『命売ります』
著:三島由紀夫
発表:1968年
1998年/ちくま文庫


「いつも自分はこうやって、何かが起るのを待っている。それはまるで「生きること」に似ているではないか」

不意に死にたくなった男は自殺に失敗し、自分の命を売りに出すことに決める。
年の離れた妻を殺して欲しい老人、薬の実験台、吸血鬼を母に持つ少年、スパイ活動などなど、様々な「依頼」をこなしていくうちに、巨大な組織に命を狙われるようになる主人公。

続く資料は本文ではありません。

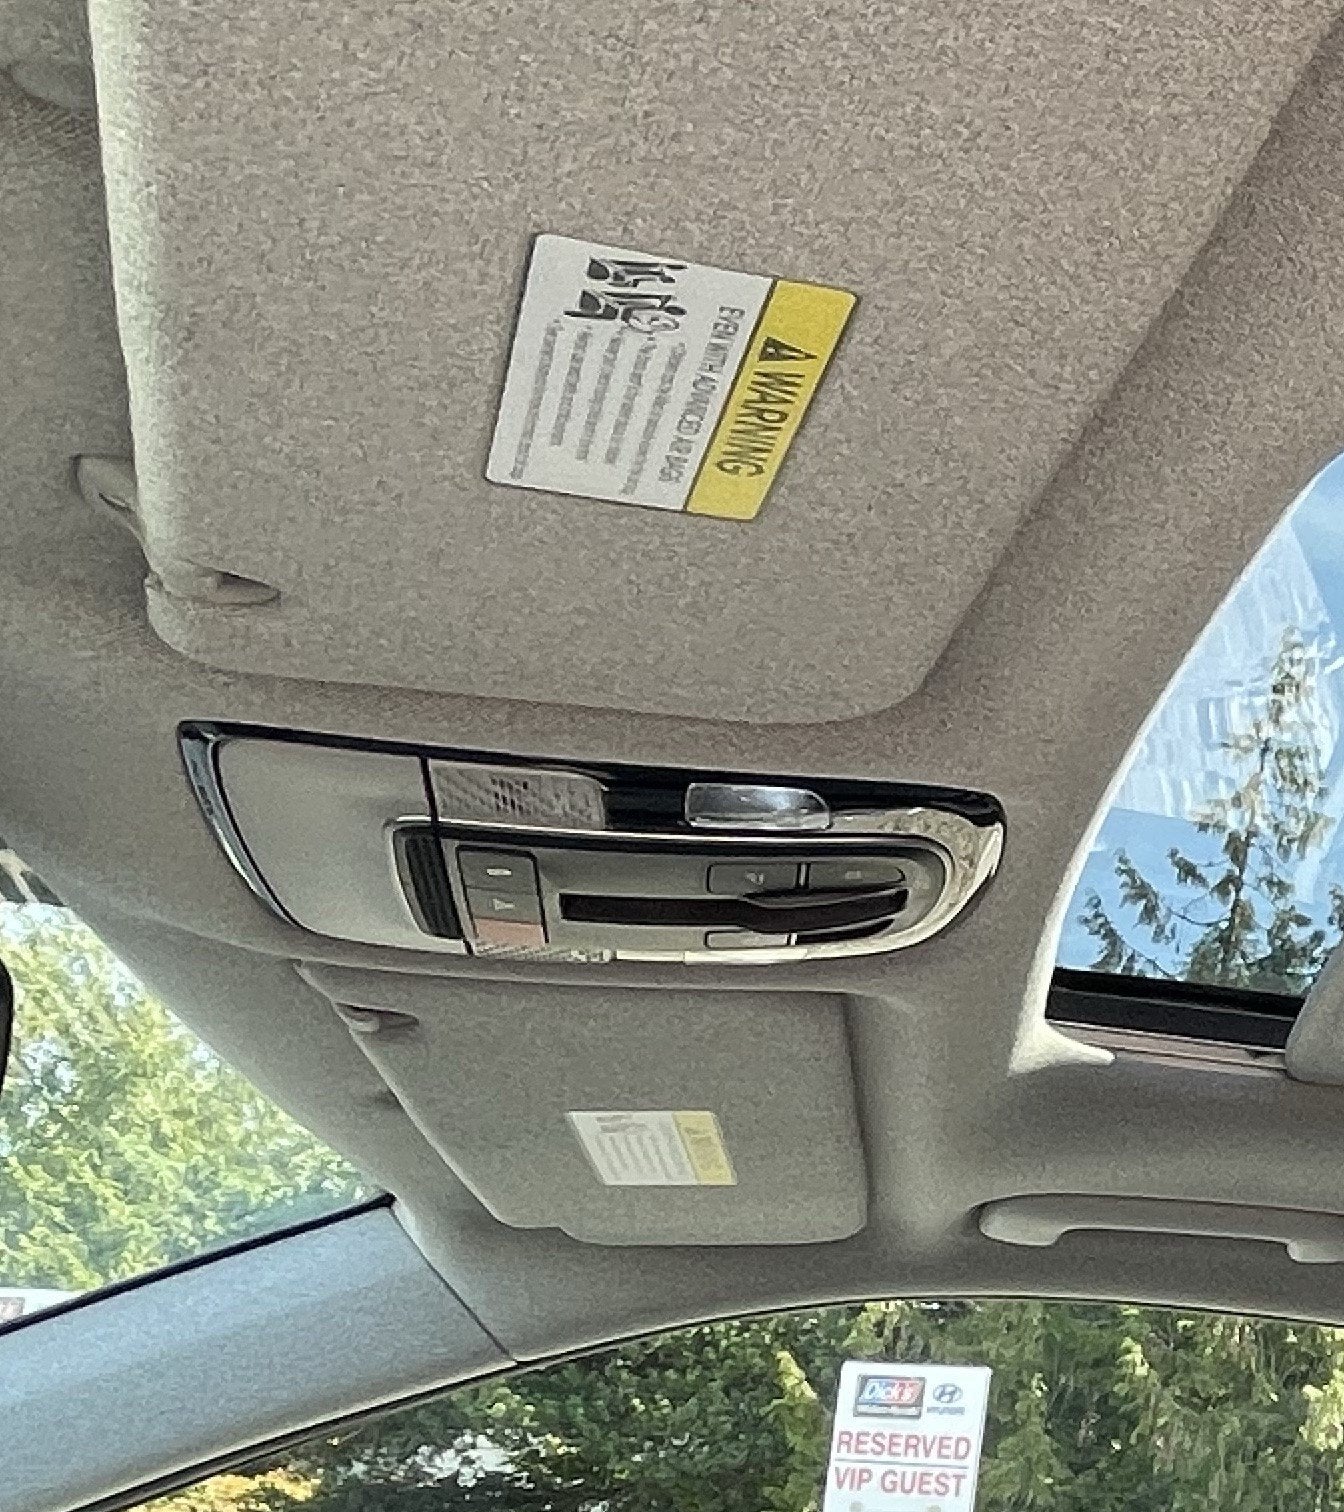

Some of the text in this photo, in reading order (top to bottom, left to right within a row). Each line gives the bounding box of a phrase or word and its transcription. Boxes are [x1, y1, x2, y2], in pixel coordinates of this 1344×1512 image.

え、三島由紀夫ってこんな作品書いてたの!?というポップでキャッチーな作品。
何も考えずに読んで楽しめる一冊。
三島由紀夫の作品を何か読んでみたい、という方には、入口として結構いいのではないだろうか。
なんとなく「難しそう」と思う作家も、「こんなに読みやすい作品もあるんだ」という物語に出会えると、なんだか少し友達になりやすいような気がする。
作家の色んな作品に触れて作家との距離を縮めていくと、難解な作品にも手を出しやすくなる気がする。
私は三島由紀夫作品の入口は舞台で『金閣寺』(演出:宮本亜門)を観たのが入口で、音楽や身体性を駆使したその魅力を体感させられた。
そこから『近代能楽集』や『殉教』『女神』など(新潮文庫)に触れた。イメージとしては、冒頭をしっかり気合入れて読まないと置いていかれる作家。だと思っていた。
その中で、『殉教』に収録の『スタア』を読んで、「あ、結構読みやすい物も書くんだ!?」と思った記憶がある。
その『スタア』よりも、はるかに読みやすさ・軽快さを感じたのがこの『命売ります』だ。
三島由紀夫特有の飾られた美しい文体でもなく、本当にスラスラと読める。
「楽に書き流した作品」と言う方もいるし、「ここにこそ魂の告白がある」と評する方もいるそうで。
個人的には三島作品は「読むのにエネルギーを使うタイプ」の物が多いと思っていたので、この『命売ります』を読んで大分イメージが変わった。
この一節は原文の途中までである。